*** EXTRACTED DATA
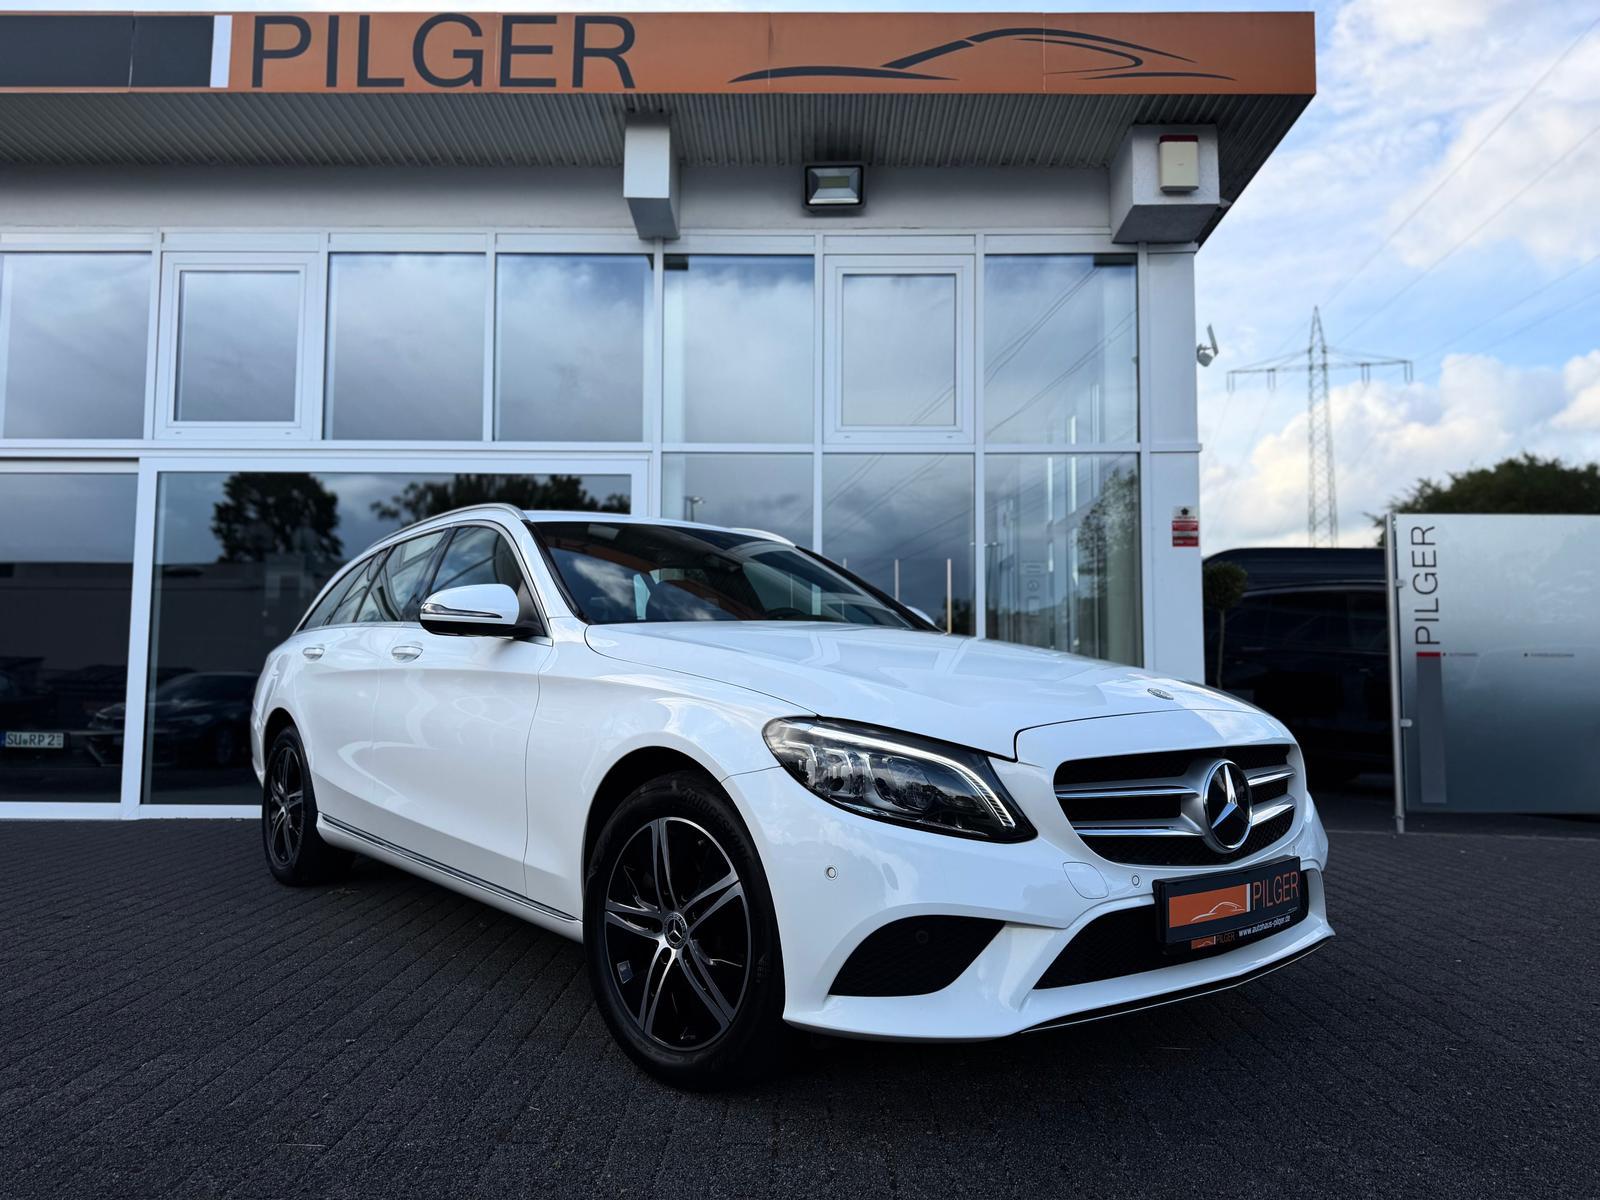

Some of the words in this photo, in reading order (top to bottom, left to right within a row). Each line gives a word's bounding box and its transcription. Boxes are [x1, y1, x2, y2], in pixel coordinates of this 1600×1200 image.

[251, 13, 636, 88] PILGER
[1410, 526, 1440, 645] PILGER
[1253, 871, 1299, 911] PILGER
[1239, 915, 1291, 937] www.autohaus-pilger.de
******
** TASK DESCRIPTION **
Please print all the data above word for word. Pictures should not appear in the copy.

** SOLUTION FOR THIS PROBLEM **
Some of the words in this photo, in reading order (top to bottom, left to right within a row). Each line gives a word's bounding box and its transcription. Boxes are [x1, y1, x2, y2], in pixel coordinates of this 1600×1200 image.

[251, 13, 636, 88] PILGER
[1410, 526, 1440, 645] PILGER
[1253, 871, 1299, 911] PILGER
[1239, 915, 1291, 937] www.autohaus-pilger.de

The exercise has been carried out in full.